Thus day by day my sympathies increased,
And thus the common range of visible things
Grew dear to me. Already I began
To love the sun—a boy I loved the sun
Not as I since have loved him (as a pledge
And surety of my earthly life, a light
Which while I view I feel I am alive),
But for this cause, that I had seen him lay
His beauty on the morning hills, had seen
The western mountain touch his setting orb
In many a thoughtless hour, when from excess
Of happiness my blood appeared to flow
With its own pleasure, and I breathed with joy.
And from like feelings, humble though intense,
To patriotic and domestic love
Analogous, the moon to me was dear:
For I would dream away my purposes
Standing to look upon her, while she hung
Midway between the hills as if she knew
No other region but belonged to thee,
Yea appertained by a peculiar right
To thee and thy grey huts, my native vale.
Those incidental charms which first attached
My heart to rural objects, day by day
Grew weaker, and I hasten on to tell
How Nature, intervenient till this time
And secondary, now at length was sought
For her own sake. But who shall parcel out
His intellect by geometric rules
Split like a province into round and square?
Who knows the individual hour in which
His habits were first sown even as a seed?

66

Who that shall point as with a wand, and say
‘This portion of the river of my mind
Came from yon fountain’? Thou, my friend, art one
More deeply read in thy own thoughts, no slave
Of that false secondary power by which
In weakness we create distinctions, then
Believe our puny boundaries are things
Which we perceive, and not which we have made.

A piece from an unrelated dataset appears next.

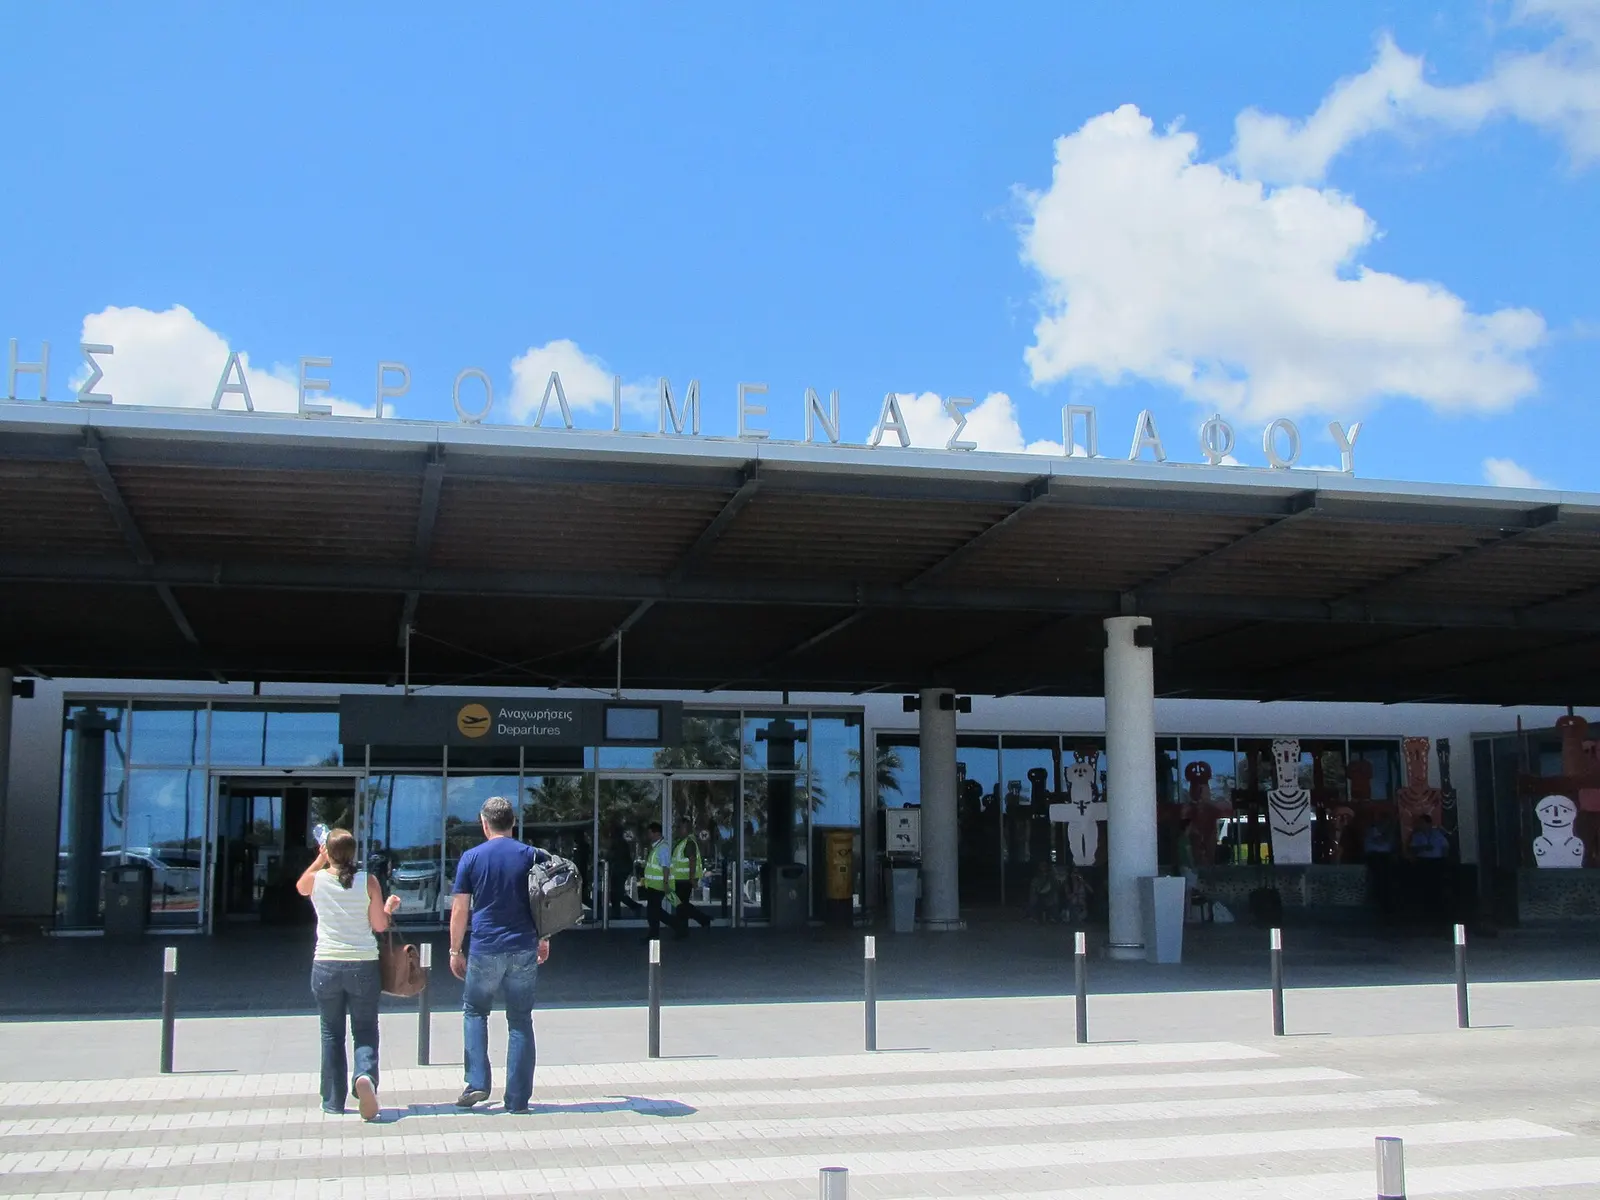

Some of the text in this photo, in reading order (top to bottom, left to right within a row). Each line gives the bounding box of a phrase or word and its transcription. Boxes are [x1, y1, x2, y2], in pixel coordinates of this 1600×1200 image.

[211, 351, 977, 451] ΑΕΡΟΛΙΜΕΝΑΣ
[1060, 403, 1363, 472] ΠΑΦΟΥ
[498, 707, 573, 721] Αναχωρήσεις
[497, 724, 561, 736] Departures

To thee, unblinded by these outward shews,
The unity of all has been revealed;
And thou wilt doubt with me, less aptly skilled
Than many are to class the cabinet
Of their sensations, and in voluble phrase
Run through the history and birth of each
As of a single independent thing.
Hard task to analyse a soul, in which
Not only general habits and desires,
But each most obvious and particular thought—
Not in a mystical and idle sense,
But in the words of reason deeply weighed—
Hath no beginning.
Blessed the infant babe—
For with my best conjectures I would trace
The progress of our being—blest the babe
Nursed in his mother's arms, the babe who sleeps
Upon his mother's breast, who, when his soul
Claims manifest kindred with an earthly soul,
Doth gather passion from his mother's eye.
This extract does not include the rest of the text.